The effects of CDHP enrollment on mean OOP spending are shown in Table 2. In the first year of CDHP enrollment, the mean marginal increase in OOP spending was $285 (41% increase; 95% CI, $271-$299; <.001). CDHP enrollment resulted in larger marginal increases in OOP spending for the lower-income ($306; 44% increase; 95% CI, $257-$354; <.001) and chronic conditions ($387; 56% increase; 95% CI, $339-$435; <.001) subgroups. By the second year of CDHP enrollment, mean marginal OOP spending increased by $306 among the full sample (44% increase; 95% CI, $286-$325; <.001), $364 (53% increase; 95% CI, $300-$429; <.001) among the lower-income subgroup, and $428 (62% increase; 95% CI, $364-$492; <.001) among the chronic conditions subgroup. The larger increases in OOP spending in the second year of CDHP enrollment are consistent with prior work which has found that utilization increases in the second year of CDHP enrollment.8,9

Table 3 presents the QDID estimates of the impact of CDHP enrollment at each decile across the distribution of OOP spending. Generally, the marginal effect of CDHP enrollment increased with higher levels of OOP spending. For example, among the full sample, CDHP enrollment led to a $162 (95% CI, $150-173; <.001) marginal increase in OOP spending at the median in the first year compared with a $726 (95% CI, $678-$773; <.001) marginal increase in OOP spending at the 90th percentile. That is, the marginal impact of CDHP enrollment on OOP spending (compared with traditional plan enrollees) was greater for those at the higher end of the OOP spending distribution. For the lower-income and chronic conditions subgroups, the marginal increases at the median were $241 (95% CI, $200-$282; <.001) and $480 (95% CI, $425-$535; <.001), respectively, and the marginal increases at the 90th percentile were $715 (95% CI, $558-$871; <.001) and $647 (95% CI, $495-$799; <.001), respectively.

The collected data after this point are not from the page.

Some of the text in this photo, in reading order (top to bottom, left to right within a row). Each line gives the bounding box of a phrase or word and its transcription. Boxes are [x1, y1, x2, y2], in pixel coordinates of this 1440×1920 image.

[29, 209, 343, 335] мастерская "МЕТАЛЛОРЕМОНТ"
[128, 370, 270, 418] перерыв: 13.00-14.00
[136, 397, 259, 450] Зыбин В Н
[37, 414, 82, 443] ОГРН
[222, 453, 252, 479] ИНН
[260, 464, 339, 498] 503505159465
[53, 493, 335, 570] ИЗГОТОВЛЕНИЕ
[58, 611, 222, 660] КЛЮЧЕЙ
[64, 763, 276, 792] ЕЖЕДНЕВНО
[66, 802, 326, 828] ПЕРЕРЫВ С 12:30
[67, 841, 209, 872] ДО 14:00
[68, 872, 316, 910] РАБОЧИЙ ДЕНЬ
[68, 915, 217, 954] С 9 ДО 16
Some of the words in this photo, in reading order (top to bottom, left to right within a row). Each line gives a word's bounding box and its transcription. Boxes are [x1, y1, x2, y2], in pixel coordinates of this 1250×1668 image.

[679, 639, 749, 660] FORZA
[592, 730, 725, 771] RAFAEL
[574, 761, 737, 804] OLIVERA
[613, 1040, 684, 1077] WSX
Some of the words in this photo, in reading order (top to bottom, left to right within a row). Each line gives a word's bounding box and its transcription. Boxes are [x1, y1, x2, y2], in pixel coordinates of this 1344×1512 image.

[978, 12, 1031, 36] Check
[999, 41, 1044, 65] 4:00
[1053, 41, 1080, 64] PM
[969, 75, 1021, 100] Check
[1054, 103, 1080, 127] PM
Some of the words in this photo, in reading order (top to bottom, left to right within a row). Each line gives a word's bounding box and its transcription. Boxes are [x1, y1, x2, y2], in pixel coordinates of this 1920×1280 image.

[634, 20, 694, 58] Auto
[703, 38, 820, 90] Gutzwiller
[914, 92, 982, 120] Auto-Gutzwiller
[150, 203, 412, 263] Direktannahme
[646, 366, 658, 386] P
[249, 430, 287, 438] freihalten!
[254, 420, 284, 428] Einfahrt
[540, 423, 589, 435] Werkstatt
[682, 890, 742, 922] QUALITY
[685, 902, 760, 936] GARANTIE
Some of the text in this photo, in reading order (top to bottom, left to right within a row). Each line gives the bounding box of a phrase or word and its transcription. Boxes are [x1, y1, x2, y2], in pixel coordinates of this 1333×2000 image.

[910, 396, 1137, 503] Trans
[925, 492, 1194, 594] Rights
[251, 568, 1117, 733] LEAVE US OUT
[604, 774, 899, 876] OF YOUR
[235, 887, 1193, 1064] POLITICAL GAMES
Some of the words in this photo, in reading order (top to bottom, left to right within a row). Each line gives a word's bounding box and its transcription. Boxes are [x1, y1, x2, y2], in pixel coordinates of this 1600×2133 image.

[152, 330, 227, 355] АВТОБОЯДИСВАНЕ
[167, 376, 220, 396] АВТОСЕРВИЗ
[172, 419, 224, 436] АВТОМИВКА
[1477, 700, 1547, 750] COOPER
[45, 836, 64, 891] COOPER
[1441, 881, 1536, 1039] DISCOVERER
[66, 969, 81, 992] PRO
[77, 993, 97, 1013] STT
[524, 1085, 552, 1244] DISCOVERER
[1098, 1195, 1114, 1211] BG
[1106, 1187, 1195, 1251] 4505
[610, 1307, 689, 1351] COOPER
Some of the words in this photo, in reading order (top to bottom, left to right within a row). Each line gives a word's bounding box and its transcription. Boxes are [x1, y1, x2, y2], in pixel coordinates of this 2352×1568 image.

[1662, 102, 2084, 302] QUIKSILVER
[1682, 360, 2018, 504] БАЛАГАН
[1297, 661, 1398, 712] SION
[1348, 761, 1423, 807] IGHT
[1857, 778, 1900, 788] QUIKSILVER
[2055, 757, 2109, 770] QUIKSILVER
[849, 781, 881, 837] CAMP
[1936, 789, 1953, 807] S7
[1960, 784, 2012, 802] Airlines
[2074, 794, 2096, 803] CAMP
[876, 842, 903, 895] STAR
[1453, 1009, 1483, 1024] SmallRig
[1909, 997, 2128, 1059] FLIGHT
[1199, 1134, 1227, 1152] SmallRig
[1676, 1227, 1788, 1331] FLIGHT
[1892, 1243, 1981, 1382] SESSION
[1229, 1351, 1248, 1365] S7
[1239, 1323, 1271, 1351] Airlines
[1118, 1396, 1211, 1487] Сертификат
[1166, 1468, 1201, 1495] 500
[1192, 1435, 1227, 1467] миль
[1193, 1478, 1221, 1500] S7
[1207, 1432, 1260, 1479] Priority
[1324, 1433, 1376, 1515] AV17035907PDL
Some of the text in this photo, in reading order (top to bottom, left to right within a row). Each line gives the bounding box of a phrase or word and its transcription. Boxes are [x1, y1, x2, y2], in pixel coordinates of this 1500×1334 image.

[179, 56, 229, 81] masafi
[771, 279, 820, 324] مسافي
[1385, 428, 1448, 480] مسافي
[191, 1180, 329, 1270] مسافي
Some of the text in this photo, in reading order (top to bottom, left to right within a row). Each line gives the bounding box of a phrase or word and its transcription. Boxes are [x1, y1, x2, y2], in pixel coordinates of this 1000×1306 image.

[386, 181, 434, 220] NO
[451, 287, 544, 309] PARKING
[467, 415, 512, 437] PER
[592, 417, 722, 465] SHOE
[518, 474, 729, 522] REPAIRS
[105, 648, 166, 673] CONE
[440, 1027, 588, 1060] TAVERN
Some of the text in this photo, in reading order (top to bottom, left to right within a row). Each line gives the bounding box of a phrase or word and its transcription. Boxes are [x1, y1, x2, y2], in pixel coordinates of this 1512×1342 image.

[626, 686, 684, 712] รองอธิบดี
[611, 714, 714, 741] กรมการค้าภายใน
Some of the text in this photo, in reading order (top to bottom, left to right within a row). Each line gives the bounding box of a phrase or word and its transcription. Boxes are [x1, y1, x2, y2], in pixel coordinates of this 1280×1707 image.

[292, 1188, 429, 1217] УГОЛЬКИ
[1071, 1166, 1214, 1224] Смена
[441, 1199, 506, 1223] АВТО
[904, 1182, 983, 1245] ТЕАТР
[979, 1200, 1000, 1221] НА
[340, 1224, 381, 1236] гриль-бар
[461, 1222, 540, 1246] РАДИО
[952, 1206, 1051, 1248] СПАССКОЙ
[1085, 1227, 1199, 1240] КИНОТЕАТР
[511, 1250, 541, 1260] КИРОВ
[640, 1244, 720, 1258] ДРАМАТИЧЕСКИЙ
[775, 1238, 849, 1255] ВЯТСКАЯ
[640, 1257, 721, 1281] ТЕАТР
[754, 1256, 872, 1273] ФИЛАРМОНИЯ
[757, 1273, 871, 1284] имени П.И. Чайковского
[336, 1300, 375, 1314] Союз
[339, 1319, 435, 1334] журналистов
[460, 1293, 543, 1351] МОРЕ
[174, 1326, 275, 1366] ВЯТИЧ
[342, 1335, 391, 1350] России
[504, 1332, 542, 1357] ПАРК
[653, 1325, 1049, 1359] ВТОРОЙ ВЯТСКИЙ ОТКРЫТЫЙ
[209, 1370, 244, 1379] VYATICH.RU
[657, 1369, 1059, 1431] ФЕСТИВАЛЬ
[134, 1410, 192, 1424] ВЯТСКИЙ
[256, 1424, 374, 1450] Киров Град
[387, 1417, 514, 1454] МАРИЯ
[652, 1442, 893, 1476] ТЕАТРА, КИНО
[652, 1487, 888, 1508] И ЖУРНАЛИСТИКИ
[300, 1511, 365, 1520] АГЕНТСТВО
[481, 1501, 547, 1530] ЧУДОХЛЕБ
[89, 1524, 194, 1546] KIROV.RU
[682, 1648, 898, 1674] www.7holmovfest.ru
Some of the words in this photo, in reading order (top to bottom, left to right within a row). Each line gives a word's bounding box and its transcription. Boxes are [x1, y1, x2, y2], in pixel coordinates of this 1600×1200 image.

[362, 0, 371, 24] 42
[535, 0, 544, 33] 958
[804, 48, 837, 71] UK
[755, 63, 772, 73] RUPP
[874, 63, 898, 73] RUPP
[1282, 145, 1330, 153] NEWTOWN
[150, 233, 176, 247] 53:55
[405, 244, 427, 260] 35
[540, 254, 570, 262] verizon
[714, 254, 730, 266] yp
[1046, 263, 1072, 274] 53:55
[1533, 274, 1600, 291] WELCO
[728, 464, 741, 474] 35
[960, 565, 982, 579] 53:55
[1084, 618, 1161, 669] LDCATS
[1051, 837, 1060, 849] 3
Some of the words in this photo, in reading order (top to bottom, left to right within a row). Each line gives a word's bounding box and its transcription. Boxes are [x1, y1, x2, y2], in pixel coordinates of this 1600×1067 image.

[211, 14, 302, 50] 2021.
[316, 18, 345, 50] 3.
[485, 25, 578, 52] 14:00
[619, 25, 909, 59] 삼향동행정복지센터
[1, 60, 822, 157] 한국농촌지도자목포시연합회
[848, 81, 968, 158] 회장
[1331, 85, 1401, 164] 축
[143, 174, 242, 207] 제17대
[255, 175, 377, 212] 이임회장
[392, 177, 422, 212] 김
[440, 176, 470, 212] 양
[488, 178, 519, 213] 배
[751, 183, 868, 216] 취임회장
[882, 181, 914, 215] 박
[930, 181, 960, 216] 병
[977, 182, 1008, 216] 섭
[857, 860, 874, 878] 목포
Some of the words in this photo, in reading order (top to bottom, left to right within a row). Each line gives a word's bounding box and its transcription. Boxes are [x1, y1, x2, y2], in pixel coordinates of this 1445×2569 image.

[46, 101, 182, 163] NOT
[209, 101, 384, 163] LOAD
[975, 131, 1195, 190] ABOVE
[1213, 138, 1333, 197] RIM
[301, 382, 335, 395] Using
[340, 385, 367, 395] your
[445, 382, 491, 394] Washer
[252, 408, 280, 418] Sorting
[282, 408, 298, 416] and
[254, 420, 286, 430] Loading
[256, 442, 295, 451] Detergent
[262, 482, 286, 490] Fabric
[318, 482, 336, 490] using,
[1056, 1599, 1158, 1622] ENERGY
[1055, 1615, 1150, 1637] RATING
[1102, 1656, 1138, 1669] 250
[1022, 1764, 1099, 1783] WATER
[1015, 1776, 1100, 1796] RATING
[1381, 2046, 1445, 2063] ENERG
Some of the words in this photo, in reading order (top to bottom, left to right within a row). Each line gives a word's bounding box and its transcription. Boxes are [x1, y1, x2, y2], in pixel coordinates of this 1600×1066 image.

The adjusted and counterfactual OOP spending distributions for the traditional plan group are shown in the Figure. As expected, the counterfactual OOP spending distributions fall above the predicted OOP spending distribution, suggesting that traditional plan enrollees would have had higher OOP spending if they had switched to a CDHP (Figure). As a sensitivity analysis, we also separately estimated the magnitude of these counterfactual spending estimates if the traditional plan group switched to CDHP/HRAs compared with CDHP/HSAs (based on separate underlying QDID regressions for the CDHP/HRA and CDHP/HSA populations). We found that increased OOP spending after enrollment in a CDHP tended to be larger for enrollees in CDHP/HRAs versus CDHP/HSAs across nearly all of the OOP spending distributions (eAppendix Figure 3). This is consistent with prior work, which has found that enrollees in CDHP/HSAs had significantly greater reductions in utilization than did enrollees in CDHP/HRAs, potentially because employees with HSAs have a stronger incentive to save money because HSA account balances are owned by the employee whereas HRA account balances are owned by the employer.23

CDHP enrollment also increased the probability of having very high OOP spending. For example, the percentage of enrollees spending more than $2000 increased by nearly 10 percentage points for the full sample and for the lower-income subgroup and by about 15 percentage points for the chronic conditions subgroup (Figure). These findings regarding the impact of CDHPs on the probability of having very high OOP spending are supported by the results of the impact of CDHP enrollment on the probability of having excessive financial burden (Table 2b). For the entire sample, enrollment in a CDHP increased the probability of an enrollee being exposed to excessive financial burden (defined as OOP spending being ≥3% of household income) by 4.3 percentage points (95% CI, 4.0-4.6; ​<.001; baseline, 9.7%). The effects were about 3 times larger for the lower-income subgroup (12.3 percentage points; 95% CI, 10.7-13.8; <.001; baseline, 32.9%) and 2 times larger for the chronic conditions subgroup (8.0 percentage points; 95% CI, 6.9-9.1; <.001; baseline, 25.3%). These effects persisted in the second year of CDHP enrollment and were robust to alternative definitions of excessive financial burden (Table 2b).